Here is some info about pigeon whistles. This page has a lot of great photos and may take a while to load on your PC. The wait is worth it.

http://www.pigeon-china.com/wh.htm 

Also here is a picture of a Chinese Nasel Tuft pigeon with whistle attached.


----------



## Pogohawk

hey thanks, I've actually already bought some pigeon whistles from these guys.


----------



## go4pigeons

I have a casette tape of the flight of some birds with whistles. It is amazing to hear how the various sounds come when different birds are released to join others in flight.

Al


----------



## flewthecoupe

*whistles*

i just bought 2 whistles this morning from a friend here in new jersey. they are more decorative than the ones on the pigeon-china web sight. he was charging $10 apeice. i wont have any birds to put them on to try it untill june. but i did hold it out the window on the way home to try it and it was pretty loud. suposedly they are suposed to scare the hawks away. he had afew differant styles , nicley painted, and they all sounded a little differant. if any ones interested i can direct him to this post. happy flying john from jersey 

btw, he had his whistles on a small breed posibly a tipplet. i intend to use them on my colored homers.


----------



## Pogohawk

I was wondering if you might be able to point me in the direction of your friend by email or phone. If not I was also wondering if you might be able to get more whistles from him. For $10 a piece thats much better than trying to get them from china. Any help would great thanks.


----------



## flewthecoupe

i will try to get a hold of him monday evning. im sure he would be able to help. if anyone else is interested give a hollor. i believe he has a couple hand fulls left. if he has a demand for more he can get them. he is a very nice guy and a pleasure to deal with.


----------



## flewthecoupe

*Whistles*

POGO HERE IS THE CONTACT INFO FOR THE WHISTLES HIS NAME IS STACY HES EMAIL IS [email protected] hes looking foward to hearing from you or anyone eles interested. hes gonna send me some pictures of what hes got tommorow and i will post them here.


----------



## flewthecoupe




----------



## flewthecoupe




----------



## flewthecoupe




----------



## Pogohawk

Thanks for the pictures their great. I got a hold of Stacey and I'm getting three whistles from him. He said they'll do ok on homers but we're both cerious to see what happens when put on roller. We'll see but it should be a fun project.


----------



## flewthecoupe

excellant .please keep me posted


----------



## vasyapersikov

www.pigeonwhistles.com here is a site that sells them
you know? they scare hawks away!! you need about 5 whistles to about 20 birds to scare them away.-can not use when racing


----------



## Lovebirds

The pictures are not showing up for me. Can some one explain how these are attached to the bird? How heavy are they?


----------



## zimmzimm3

I can only see the first picture the other ones say that the picture has been moved or deleted and it has the photo bucket emblem.


----------



## george simon

Lovebirds said:


> The pictures are not showing up for me. Can some one explain how these are attached to the bird? How heavy are they?

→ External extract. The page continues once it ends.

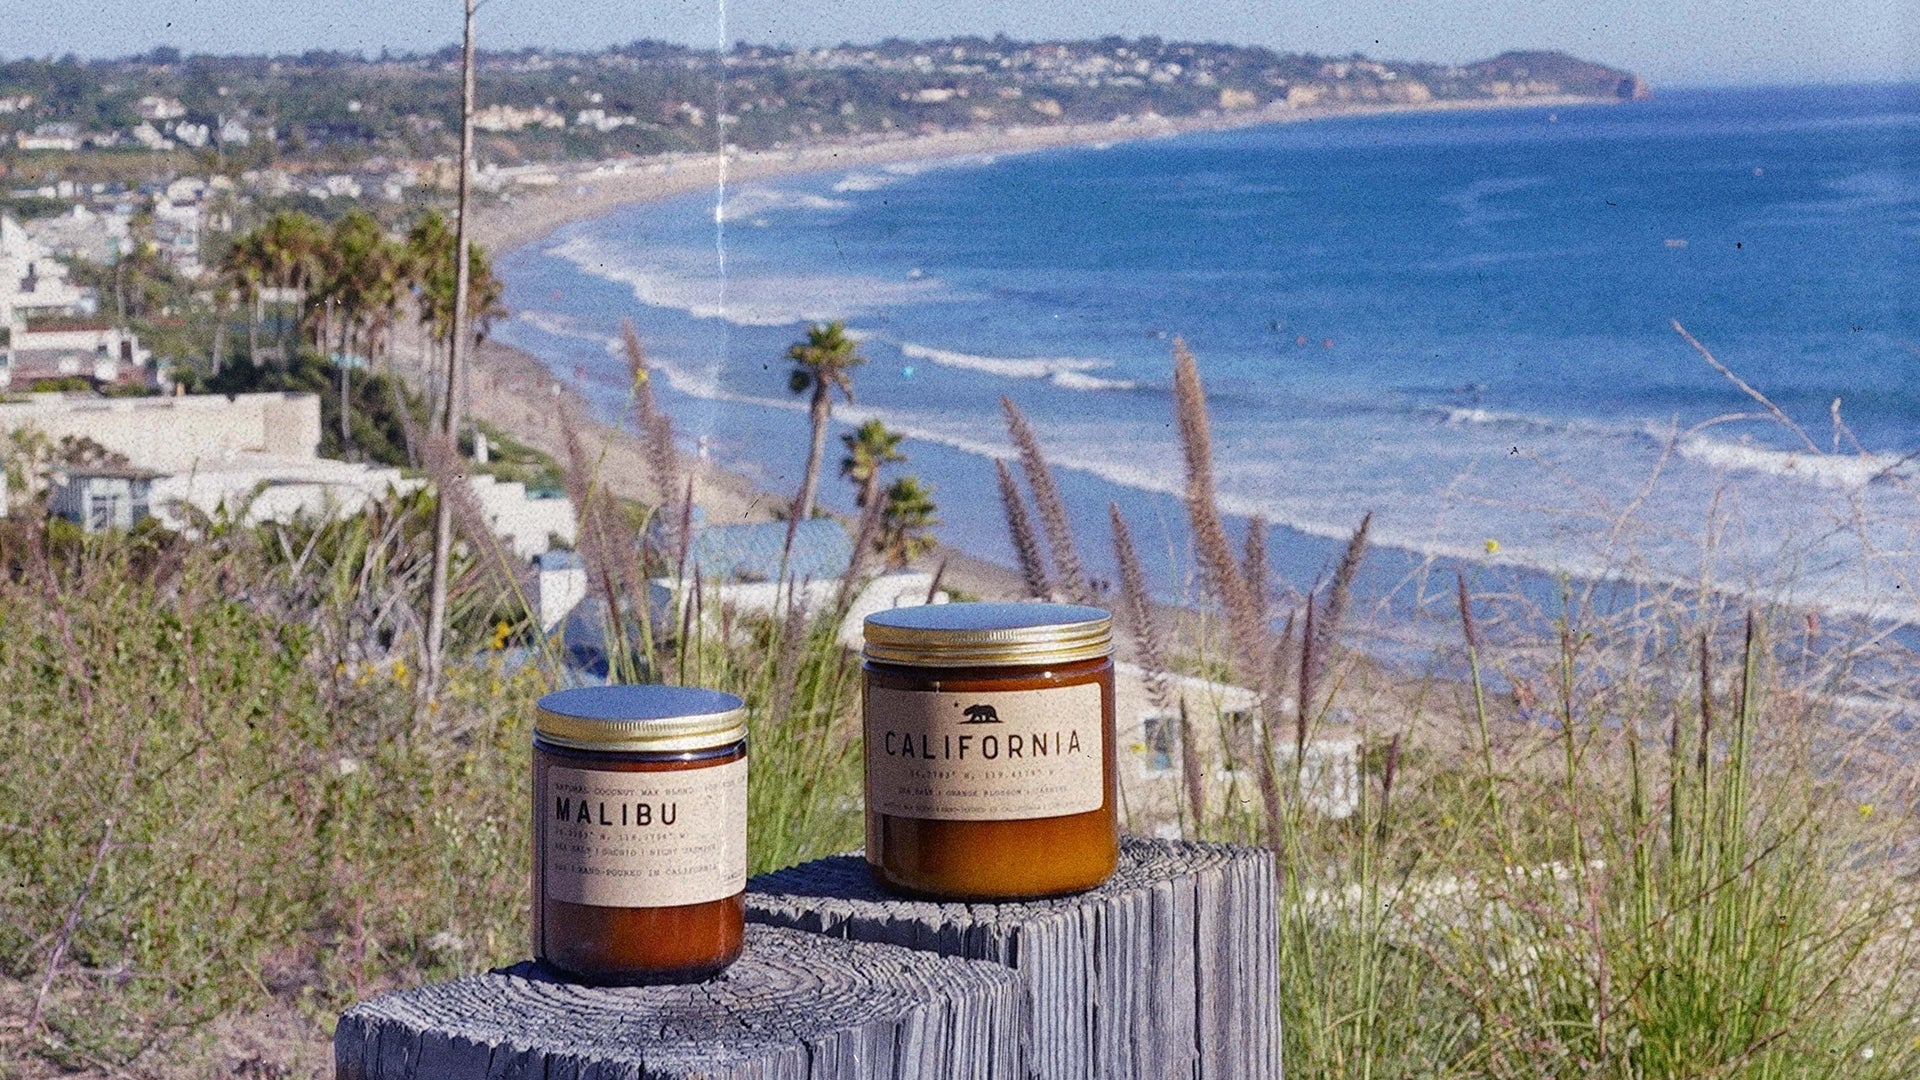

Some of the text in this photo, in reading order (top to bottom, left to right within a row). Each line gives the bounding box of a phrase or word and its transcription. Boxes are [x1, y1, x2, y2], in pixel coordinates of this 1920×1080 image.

 Hi Renee, The whistle are tied to the base of the shaft of the tail feathers the two center feathers. The Chinese tied these whistles to birds at their temples as they made very nice sounds as they flew. This goes back hundreds of years. In the movie LOST HORIZON, WITH RONALD COLMAN there are a couple of seens in which there are birds with these whistles and he askes what is that lovely sound i hear in this garden.and he is told its the pigeons. My guess is that most of you young people have never seen this old classic movie. .GEORGE


----------



## changyujie

*www.geshao.cn*

please http://www.geshao.cn/bbs


----------



## Feather

I have never seen or heard of these whistles. George thank you for the history. I imagine it could sound really beautiful.

Those of you who have orderd them please keep us up to date. A video would really be nice.


----------



## amoonswirl

Feather said:


> I have never seen or heard of these whistles. George thank you for the history. I imagine it could sound really beautiful.
> 
> Those of you who have orderd them please keep us up to date. A video would really be nice.


Share the Blue Sky has a segment on the Chinese pigeons with whistles. It really is a lovely sound.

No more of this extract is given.